Hard part is to get the employer to actually get you that needed work permit to be legal,


----------



## lefties43332 (Oct 21, 2012)

Jet Lag said:


> For an expat that would be a reasonable salary at a call center - even in Clark Field. That would be a management position for the expat foreigner.
> Hard part is to get the employer to actually get you that needed work permit to be legal,


Im asking as a salary for a filipino. Yes jet i agree. I have friends teaching school in gapo,not getting that.


----------



## galactic (Dec 2, 2014)

lefties43332 said:


> Anybody hear of call centers starting at 25000 php a month in manila? I hear its rare for an American to get that as a school teacher in pinas?

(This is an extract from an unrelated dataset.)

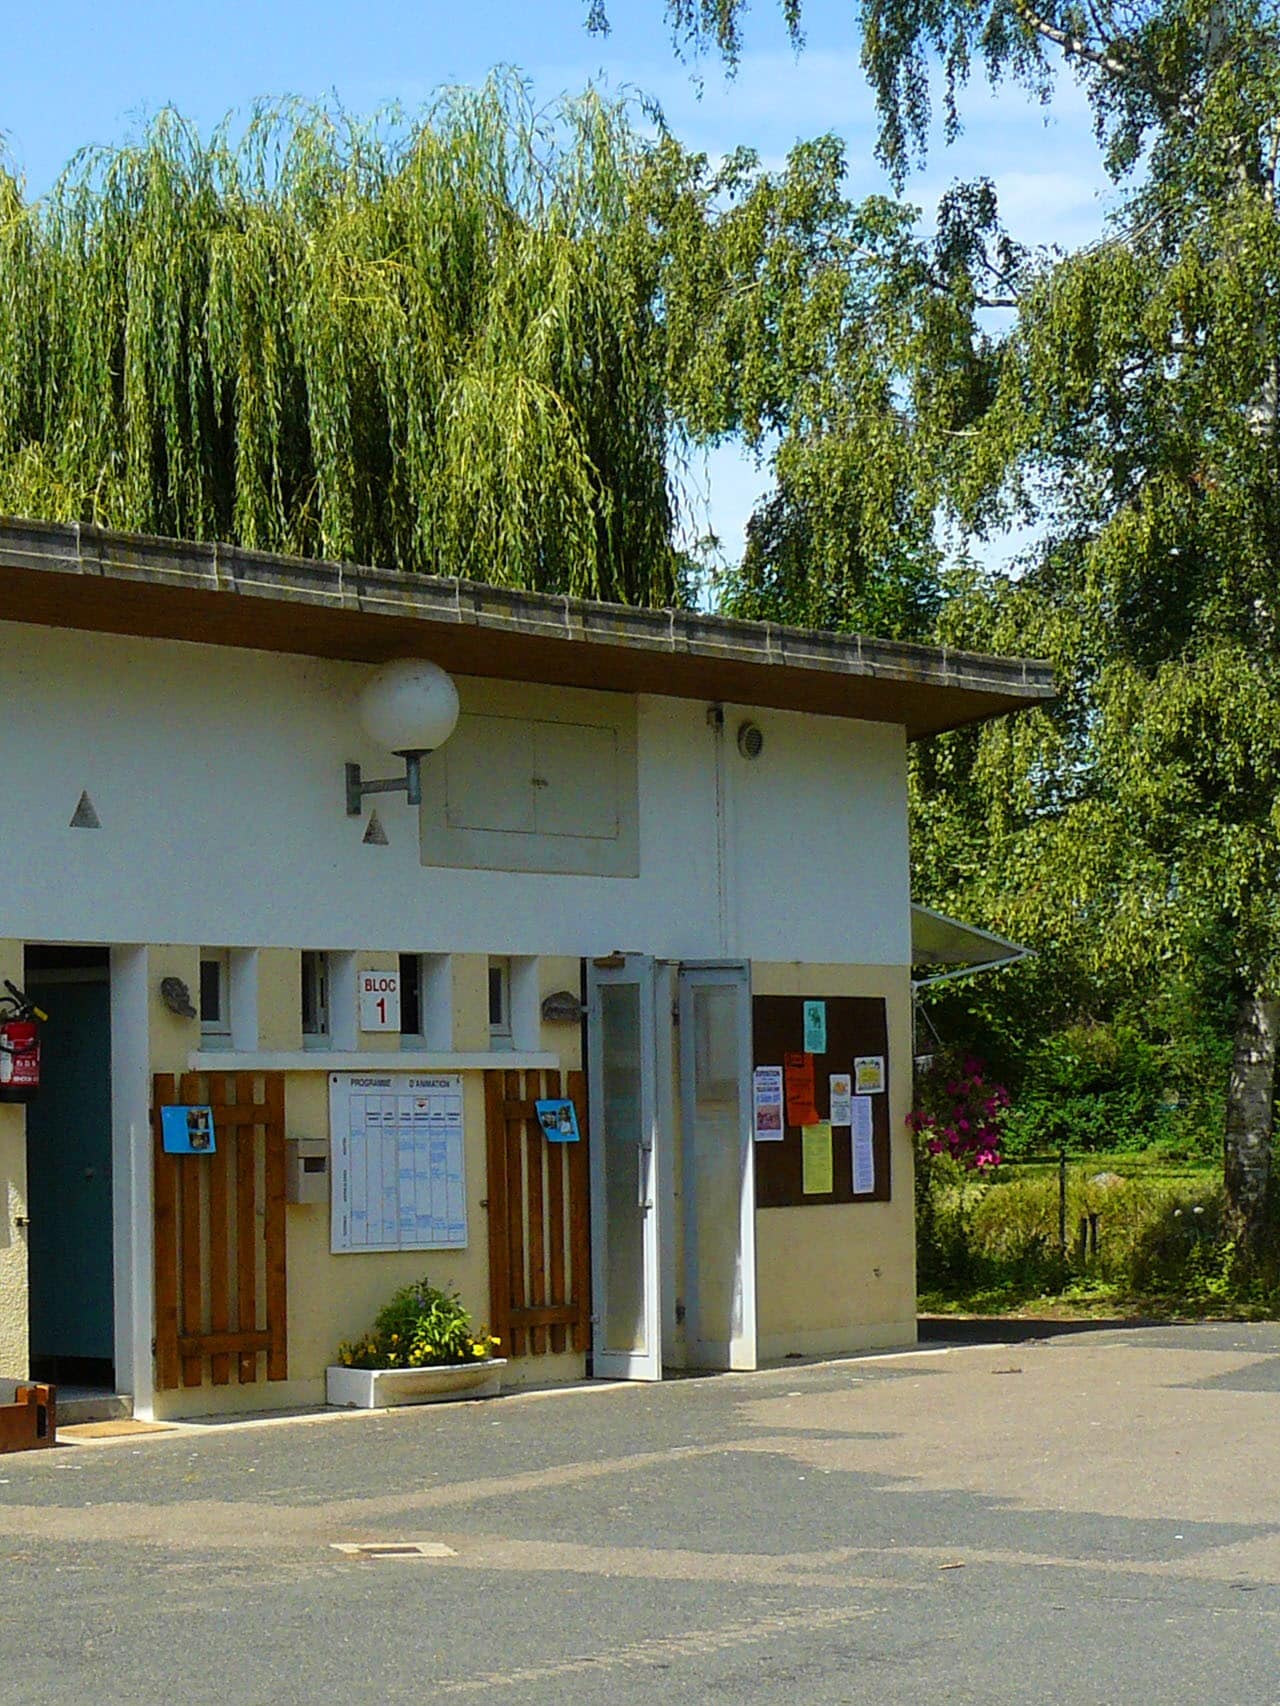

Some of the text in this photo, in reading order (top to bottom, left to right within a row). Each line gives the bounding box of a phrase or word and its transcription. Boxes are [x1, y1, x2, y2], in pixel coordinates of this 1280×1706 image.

[365, 978, 396, 993] BLOC
[376, 997, 386, 1024] 1
[350, 1078, 450, 1089] PROGRAMME D'ANIMATION

It could be well within reason. It will depend on the company and what service they are providing.
Outbound voice sales and marketing can be higher than 25K dependent on the actual volume of sales one agent can accumulate (commission based)
As for support and after sales I think it will be a tad bit lower at about 15-18K range.
All this figures are for Manila based BPO centers. 
They also provide barracks like accommodations for employees from provinces.


----------



## galactic (Dec 2, 2014)

lefties43332 said:


> snip I have friends teaching school in gapo,not getting that snip


Private school teachers? If yes then they are surely getting lower salaries compared to gurus in the public school system.

Public teachers basic salary are already at the P18,500 ++ range plus a variety of incentives and performance based bonuses which can add up through the years of service.


----------



## lefties43332 (Oct 21, 2012)

galactic said:


> Private school teachers? If yes then they are surely getting lower salaries compared to gurus in the public school system.
> 
> Public teachers basic salary are already at the P18,500 ++ range plus a variety of incentives and performance based bonuses which can add up through the years of service.


Nice.


----------



## simonsays (Feb 11, 2009)

galactic said:


> Private school teachers? If yes then they are surely getting lower salaries compared to gurus in the public school system.
> 
> Public teachers basic salary are already at the P18,500 ++ range plus a variety of incentives and performance based bonuses which can add up through the years of service.


Ah, how about "deductions" that can take off nearly 40% of the pay ?


----------



## ROUNDHEAD1952 (Aug 18, 2014)

*Philippine Salary*



lefties43332 said:


> Anybody hear of call centers starting at 25000 php a month in manila? I hear its rare for an American to get that as a school teacher in pinas?


I have earned P25 monthly as a Principal of an International School owned by Koreans with no salary deductions. I made a little more than that as an English professor at Lyceum University, but only when school was in session. I earned no money during the summer or between semesters. As for foreigners and the call centers, I have heard P18-20K.


----------



## galactic (Dec 2, 2014)

simonsays said:


> Ah, how about "deductions" that can take off nearly 40% of the pay ?


40% is a bit high for ordinary GSIS and the usual deductions BUT if they pawned their ATMs A COLLteral for loan sharks then deductions go through the roof.


----------